- Opening Delimiter -

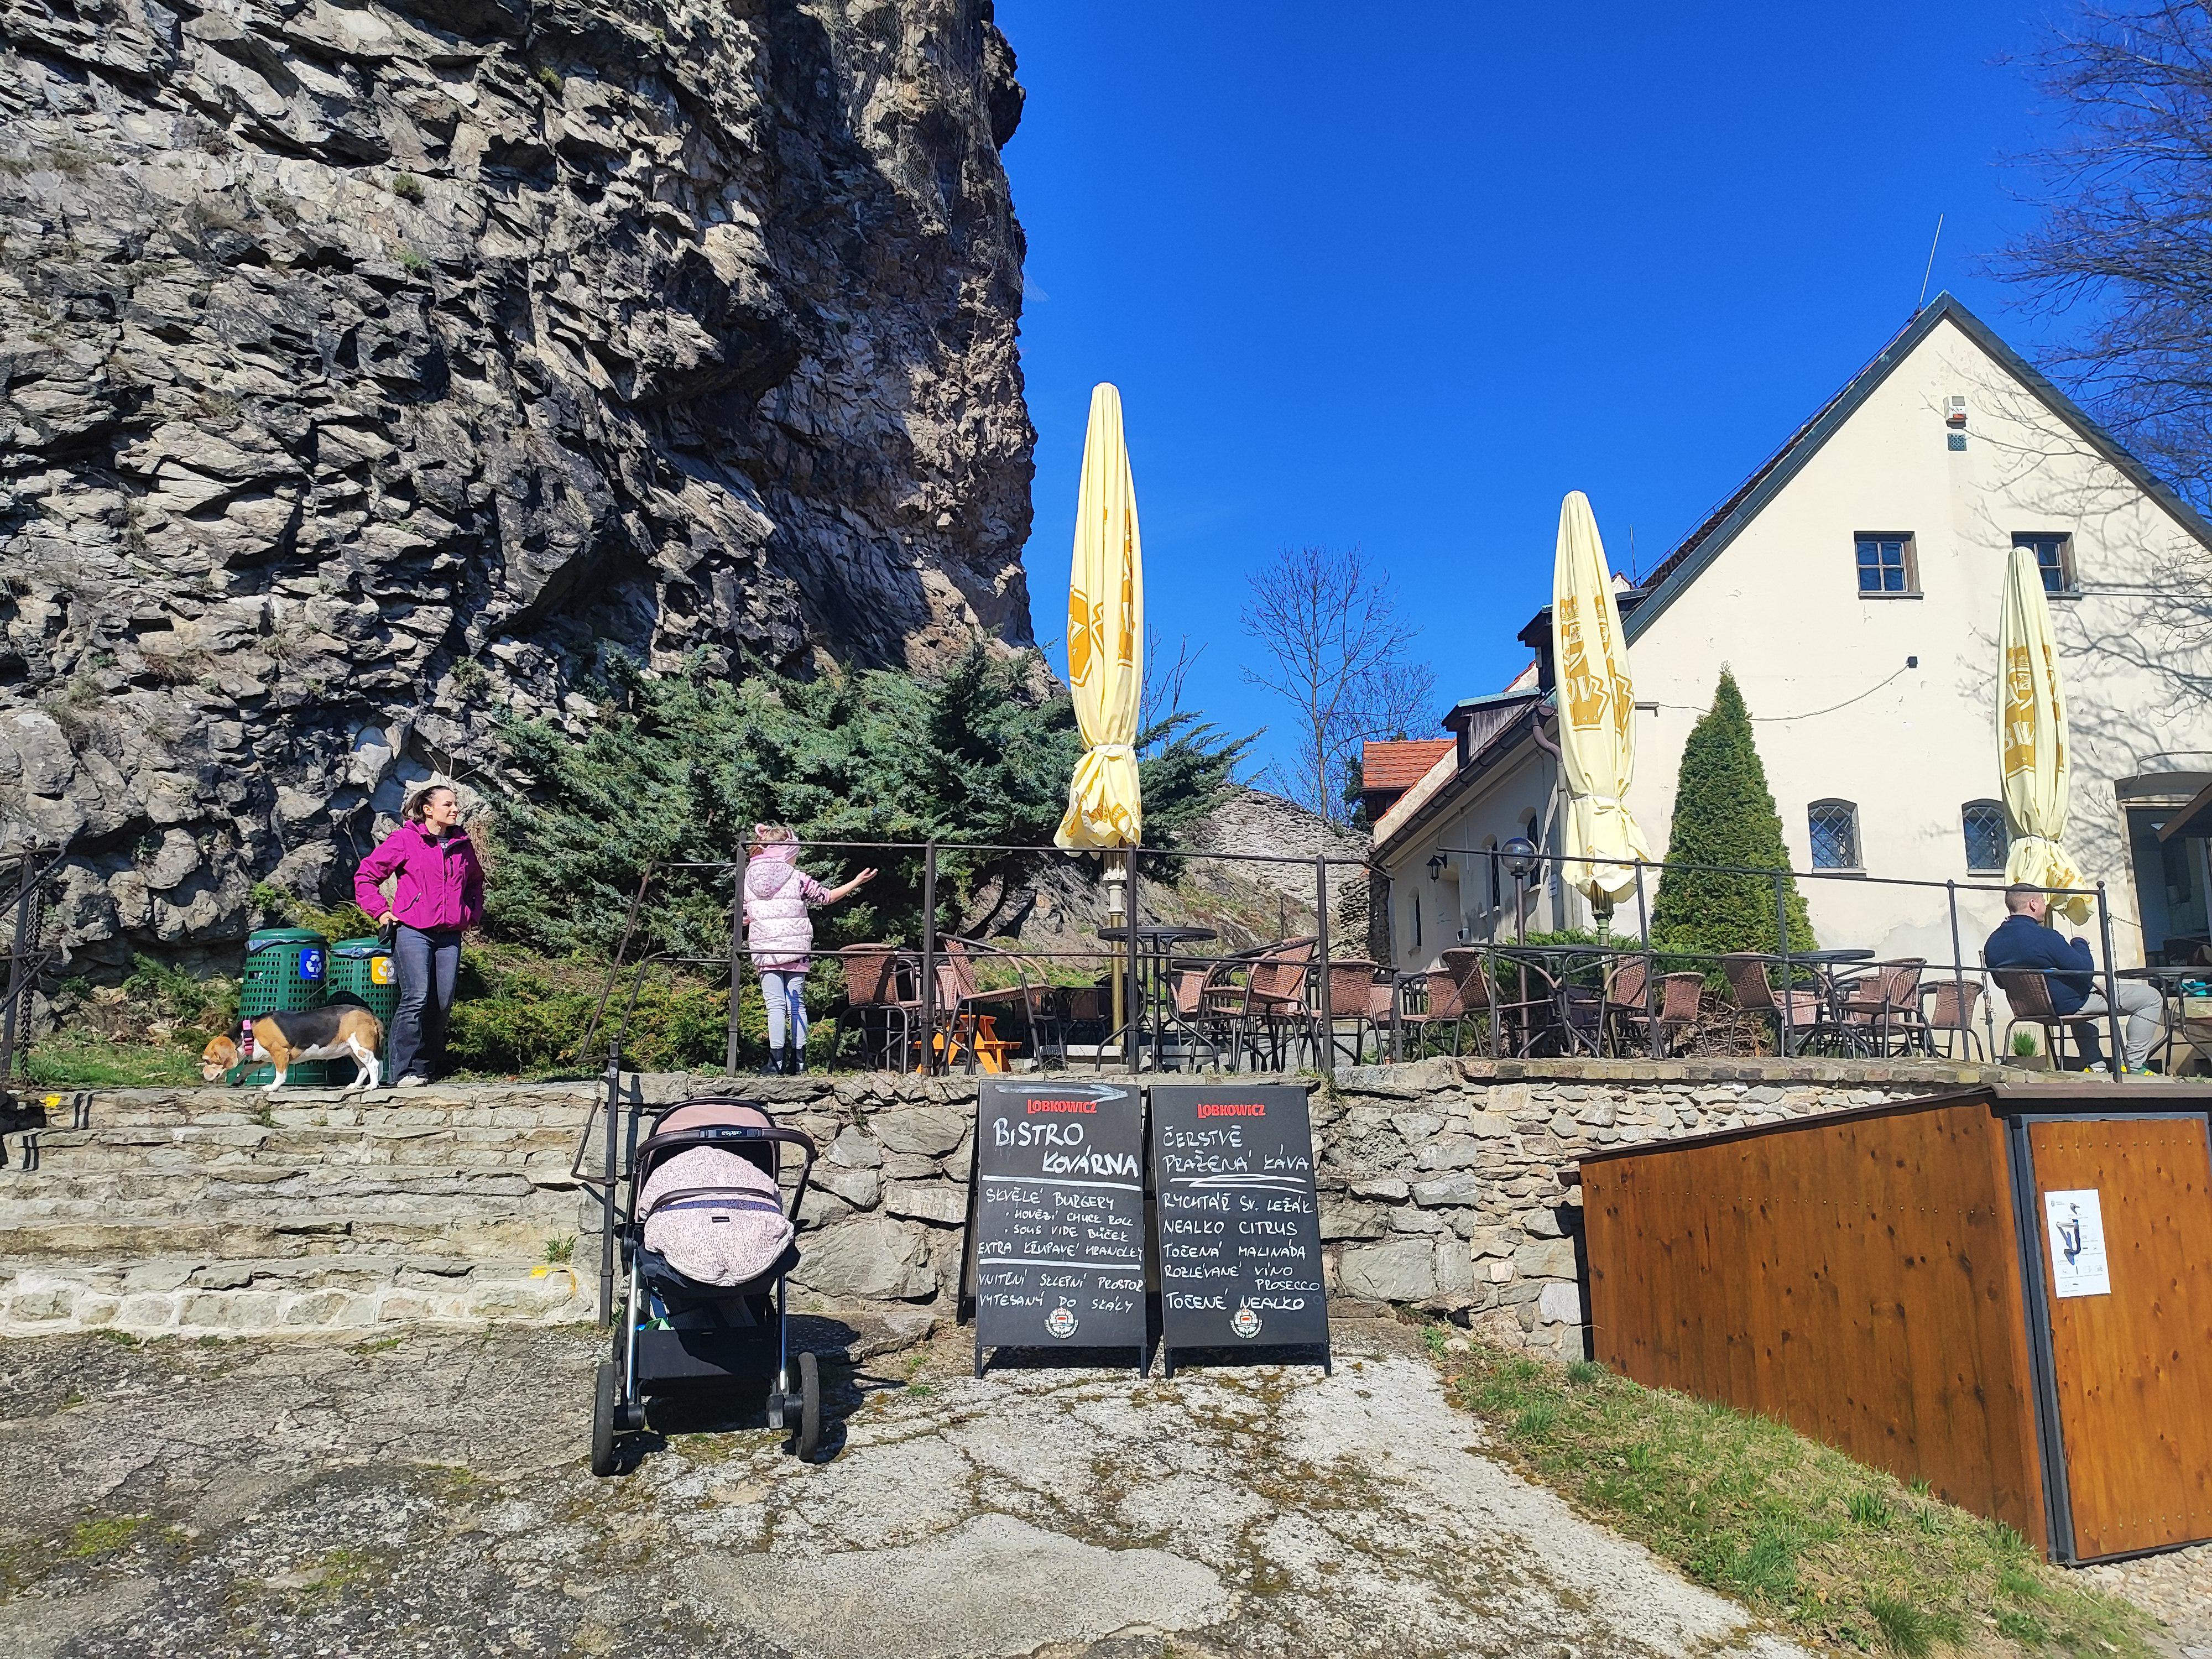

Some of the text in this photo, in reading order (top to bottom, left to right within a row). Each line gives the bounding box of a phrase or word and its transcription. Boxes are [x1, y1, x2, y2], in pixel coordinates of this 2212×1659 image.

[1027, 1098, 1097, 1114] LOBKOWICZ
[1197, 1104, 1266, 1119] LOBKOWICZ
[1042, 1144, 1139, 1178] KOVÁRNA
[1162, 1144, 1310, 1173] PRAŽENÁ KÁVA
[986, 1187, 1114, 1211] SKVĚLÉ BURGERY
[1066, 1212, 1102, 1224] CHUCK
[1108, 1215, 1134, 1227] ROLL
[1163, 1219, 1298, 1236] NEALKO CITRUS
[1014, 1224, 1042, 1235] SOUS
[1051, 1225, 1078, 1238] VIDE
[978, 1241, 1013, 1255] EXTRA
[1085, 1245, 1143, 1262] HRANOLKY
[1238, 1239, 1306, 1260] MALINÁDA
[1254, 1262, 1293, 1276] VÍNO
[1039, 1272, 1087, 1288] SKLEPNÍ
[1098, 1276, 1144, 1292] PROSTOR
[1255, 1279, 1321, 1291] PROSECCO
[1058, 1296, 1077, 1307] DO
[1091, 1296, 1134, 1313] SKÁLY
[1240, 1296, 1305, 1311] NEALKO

- Closing Delimiter -

- [Assignment]: Leaving the pictures out, print every line of the listing exactly.

- [Answer for this exercise]:
Some of the text in this photo, in reading order (top to bottom, left to right within a row). Each line gives the bounding box of a phrase or word and its transcription. Boxes are [x1, y1, x2, y2], in pixel coordinates of this 2212×1659 image.

[1027, 1098, 1097, 1114] LOBKOWICZ
[1197, 1104, 1266, 1119] LOBKOWICZ
[1042, 1144, 1139, 1178] KOVÁRNA
[1162, 1144, 1310, 1173] PRAŽENÁ KÁVA
[986, 1187, 1114, 1211] SKVĚLÉ BURGERY
[1066, 1212, 1102, 1224] CHUCK
[1108, 1215, 1134, 1227] ROLL
[1163, 1219, 1298, 1236] NEALKO CITRUS
[1014, 1224, 1042, 1235] SOUS
[1051, 1225, 1078, 1238] VIDE
[978, 1241, 1013, 1255] EXTRA
[1085, 1245, 1143, 1262] HRANOLKY
[1238, 1239, 1306, 1260] MALINÁDA
[1254, 1262, 1293, 1276] VÍNO
[1039, 1272, 1087, 1288] SKLEPNÍ
[1098, 1276, 1144, 1292] PROSTOR
[1255, 1279, 1321, 1291] PROSECCO
[1058, 1296, 1077, 1307] DO
[1091, 1296, 1134, 1313] SKÁLY
[1240, 1296, 1305, 1311] NEALKO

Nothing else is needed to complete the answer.